Problem: You Don't Know If Your LLM Is Actually Working
You've built an LLM-powered feature — a chatbot, a RAG pipeline, a summarizer. It looks fine in manual tests. But "looks fine" isn't a deployment standard.
DeepEval gives you automated, reproducible metrics so you can catch regressions, compare models, and ship with confidence.
You'll learn:
- How to install and configure DeepEval for any LLM provider
- How to run the three most important metrics: answer relevancy, faithfulness, and hallucination
- How to integrate eval runs into your CI pipeline
Time: 25 min | Level: Intermediate
Why This Happens
Most teams skip LLM evaluation because writing good test harnesses is tedious. DeepEval solves this by wrapping common NLP metrics — G-Eval, RAGAS-style scores, and more — into a pytest-compatible framework you can run locally or in CI.

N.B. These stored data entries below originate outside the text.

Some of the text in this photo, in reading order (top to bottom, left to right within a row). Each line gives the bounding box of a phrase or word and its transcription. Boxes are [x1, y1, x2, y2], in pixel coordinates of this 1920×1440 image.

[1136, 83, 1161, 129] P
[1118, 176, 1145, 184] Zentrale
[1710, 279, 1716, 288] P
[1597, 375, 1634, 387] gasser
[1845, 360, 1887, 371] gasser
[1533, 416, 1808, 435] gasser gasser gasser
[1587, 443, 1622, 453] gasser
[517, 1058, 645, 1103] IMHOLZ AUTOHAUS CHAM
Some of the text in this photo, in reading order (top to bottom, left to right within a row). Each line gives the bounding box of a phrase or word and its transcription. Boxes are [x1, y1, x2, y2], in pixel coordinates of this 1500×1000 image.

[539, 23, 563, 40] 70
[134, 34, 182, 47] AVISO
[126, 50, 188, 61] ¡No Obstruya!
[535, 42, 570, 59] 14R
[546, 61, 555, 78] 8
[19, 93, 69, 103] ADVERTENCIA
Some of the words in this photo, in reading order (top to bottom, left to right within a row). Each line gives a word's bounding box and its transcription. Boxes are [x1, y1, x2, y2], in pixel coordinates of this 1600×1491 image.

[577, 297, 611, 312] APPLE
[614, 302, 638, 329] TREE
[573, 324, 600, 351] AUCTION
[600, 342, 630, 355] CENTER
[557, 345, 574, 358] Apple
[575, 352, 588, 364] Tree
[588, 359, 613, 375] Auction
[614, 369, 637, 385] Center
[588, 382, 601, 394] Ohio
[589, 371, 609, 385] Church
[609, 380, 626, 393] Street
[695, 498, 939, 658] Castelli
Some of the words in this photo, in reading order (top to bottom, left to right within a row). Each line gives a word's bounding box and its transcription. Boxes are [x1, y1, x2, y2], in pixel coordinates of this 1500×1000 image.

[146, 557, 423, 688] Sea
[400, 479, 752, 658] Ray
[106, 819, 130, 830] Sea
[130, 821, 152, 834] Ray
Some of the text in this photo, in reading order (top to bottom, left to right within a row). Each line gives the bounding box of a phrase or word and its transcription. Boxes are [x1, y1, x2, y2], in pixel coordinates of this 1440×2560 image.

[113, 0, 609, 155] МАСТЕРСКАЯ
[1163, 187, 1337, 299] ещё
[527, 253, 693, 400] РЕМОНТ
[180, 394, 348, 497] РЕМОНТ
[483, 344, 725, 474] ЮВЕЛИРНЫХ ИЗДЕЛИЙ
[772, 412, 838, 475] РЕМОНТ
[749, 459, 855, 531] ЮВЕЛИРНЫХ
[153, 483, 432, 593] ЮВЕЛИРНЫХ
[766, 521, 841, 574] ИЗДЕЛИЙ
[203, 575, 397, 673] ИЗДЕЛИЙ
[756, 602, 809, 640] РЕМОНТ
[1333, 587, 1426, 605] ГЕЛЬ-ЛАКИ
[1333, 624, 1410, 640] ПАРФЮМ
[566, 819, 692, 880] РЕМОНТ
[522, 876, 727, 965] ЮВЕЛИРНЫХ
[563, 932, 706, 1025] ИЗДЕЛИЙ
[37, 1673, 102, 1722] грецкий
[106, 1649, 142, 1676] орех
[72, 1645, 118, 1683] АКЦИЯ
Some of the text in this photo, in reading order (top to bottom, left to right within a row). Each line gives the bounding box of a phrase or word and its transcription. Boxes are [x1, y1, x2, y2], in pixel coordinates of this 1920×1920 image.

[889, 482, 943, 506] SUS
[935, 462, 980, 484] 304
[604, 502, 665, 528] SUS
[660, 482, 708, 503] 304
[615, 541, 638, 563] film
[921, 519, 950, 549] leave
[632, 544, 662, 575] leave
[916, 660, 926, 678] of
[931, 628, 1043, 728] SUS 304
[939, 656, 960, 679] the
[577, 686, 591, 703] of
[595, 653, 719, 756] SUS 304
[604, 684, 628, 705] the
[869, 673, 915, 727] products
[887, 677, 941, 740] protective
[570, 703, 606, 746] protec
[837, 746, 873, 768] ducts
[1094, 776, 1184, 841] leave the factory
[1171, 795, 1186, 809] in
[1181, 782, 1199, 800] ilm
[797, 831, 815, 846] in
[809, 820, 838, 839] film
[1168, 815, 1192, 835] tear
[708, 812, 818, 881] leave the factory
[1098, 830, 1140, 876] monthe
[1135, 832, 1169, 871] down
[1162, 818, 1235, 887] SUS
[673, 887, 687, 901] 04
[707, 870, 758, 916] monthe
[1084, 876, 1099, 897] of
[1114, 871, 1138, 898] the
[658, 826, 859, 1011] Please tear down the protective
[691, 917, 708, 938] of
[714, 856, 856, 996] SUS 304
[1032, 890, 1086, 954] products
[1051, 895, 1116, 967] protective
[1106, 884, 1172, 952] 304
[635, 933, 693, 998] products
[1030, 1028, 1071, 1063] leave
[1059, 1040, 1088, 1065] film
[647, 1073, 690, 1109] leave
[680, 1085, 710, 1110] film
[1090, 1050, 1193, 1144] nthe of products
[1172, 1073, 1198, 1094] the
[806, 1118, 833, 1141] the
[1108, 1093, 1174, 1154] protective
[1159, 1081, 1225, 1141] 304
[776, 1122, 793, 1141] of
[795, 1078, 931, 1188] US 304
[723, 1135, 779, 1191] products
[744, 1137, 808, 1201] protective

The library uses a judge LLM (GPT-4o by default, swappable) to evaluate outputs rather than brittle string matching. That means your evals degrade gracefully as your prompts evolve.
Common symptoms this solves:
- Outputs that pass smoke tests but fail in production
- No way to compare model versions objectively
- RAG pipelines that retrieve correctly but still hallucinate
Solution
Step 1: Install DeepEval
pip install deepeval
Set your OpenAI key (used as the judge LLM — you can swap this later):
export OPENAI_API_KEY="sk-..."
Verify the install:
deepeval --version
Expected: deepeval, version 1.x.x
If it fails:
command not found: Add pip's bin to your PATH or usepython -m deepeval- Import errors: Upgrade pip first:
pip install --upgrade pip
Step 2: Define a Test Case
DeepEval's core unit is LLMTestCase. It holds the input, your LLM's actual output, and any context (for RAG).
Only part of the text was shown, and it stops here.